Image-backed grounding data:
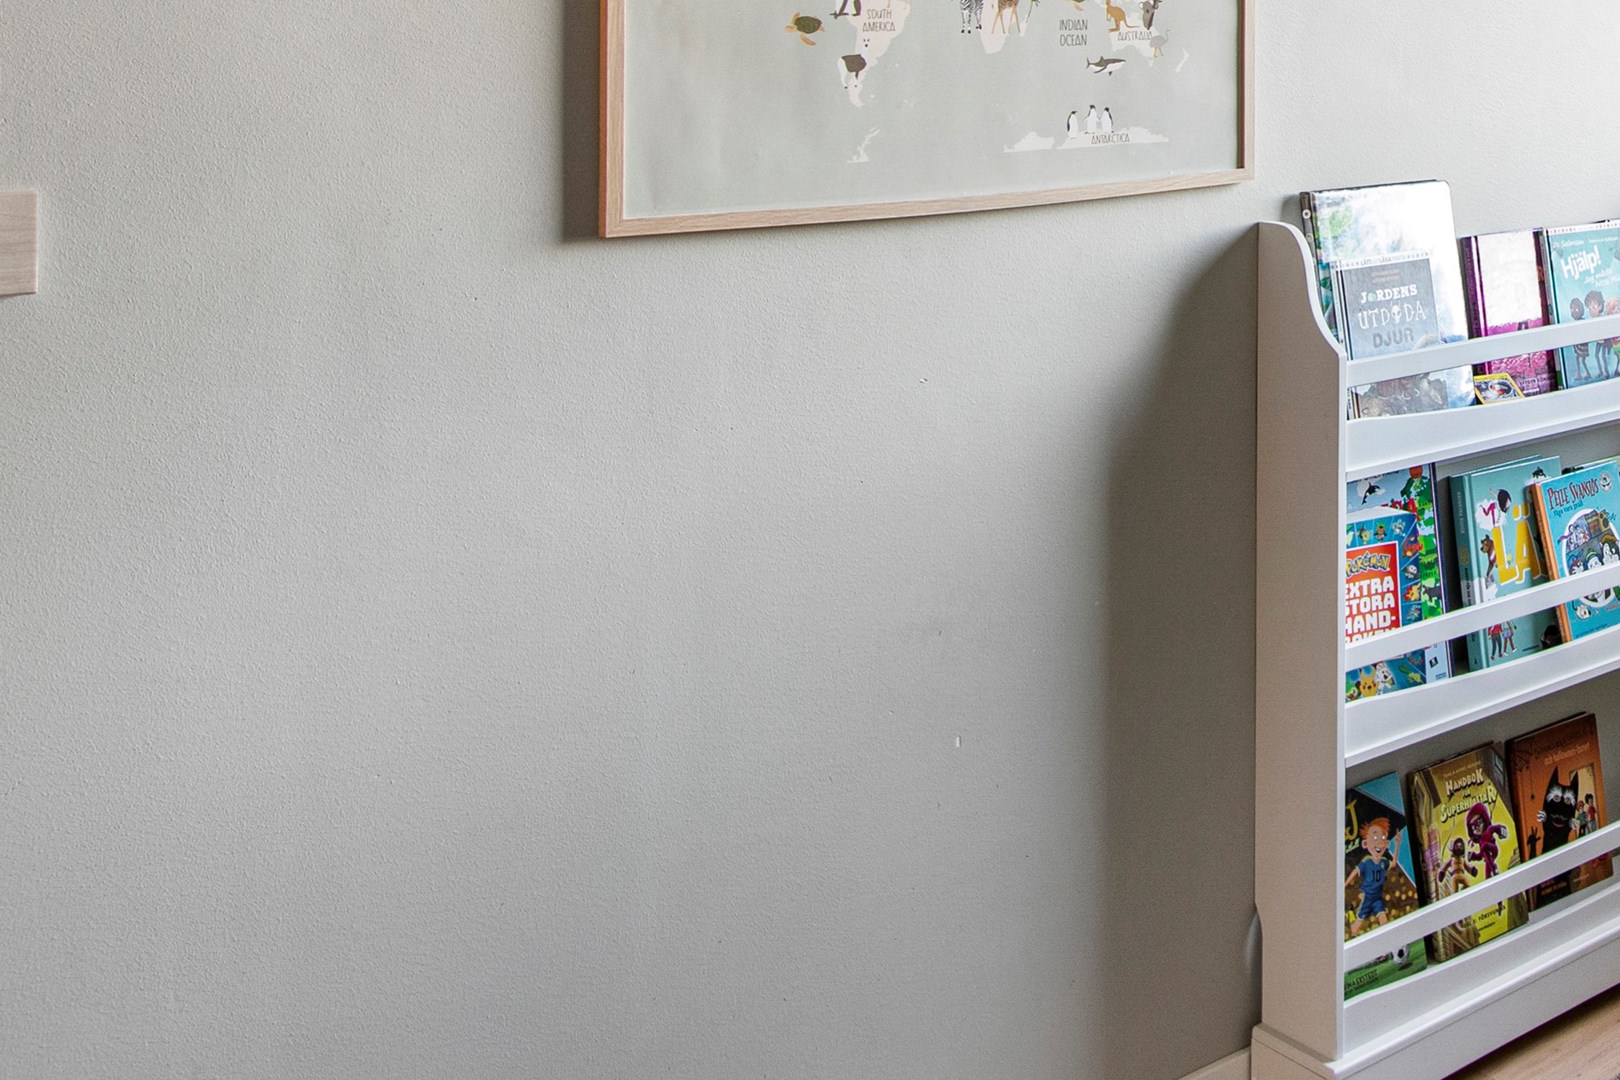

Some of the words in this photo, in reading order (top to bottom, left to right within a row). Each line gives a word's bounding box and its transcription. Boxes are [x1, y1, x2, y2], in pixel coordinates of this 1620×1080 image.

[867, 8, 892, 20] SOUTH
[862, 21, 896, 32] AMERICA
[1059, 18, 1088, 31] INDIAN
[1059, 34, 1088, 47] OCEAN
[1117, 30, 1153, 41] AUSTRALIA
[1091, 132, 1130, 144] ANTARCTICA
[1560, 245, 1602, 280] Hjälp!
[1373, 327, 1415, 348] DJUR
[1547, 487, 1570, 510] PELLE
[1445, 768, 1484, 797] HANDBOK
[1372, 870, 1381, 882] 10

_TASK DESCRIPTION:_ Every line above gets copied exactly; none of the pictures do.

_RESULT OF THIS TASK:_
Some of the words in this photo, in reading order (top to bottom, left to right within a row). Each line gives a word's bounding box and its transcription. Boxes are [x1, y1, x2, y2], in pixel coordinates of this 1620×1080 image.

[867, 8, 892, 20] SOUTH
[862, 21, 896, 32] AMERICA
[1059, 18, 1088, 31] INDIAN
[1059, 34, 1088, 47] OCEAN
[1117, 30, 1153, 41] AUSTRALIA
[1091, 132, 1130, 144] ANTARCTICA
[1560, 245, 1602, 280] Hjälp!
[1373, 327, 1415, 348] DJUR
[1547, 487, 1570, 510] PELLE
[1445, 768, 1484, 797] HANDBOK
[1372, 870, 1381, 882] 10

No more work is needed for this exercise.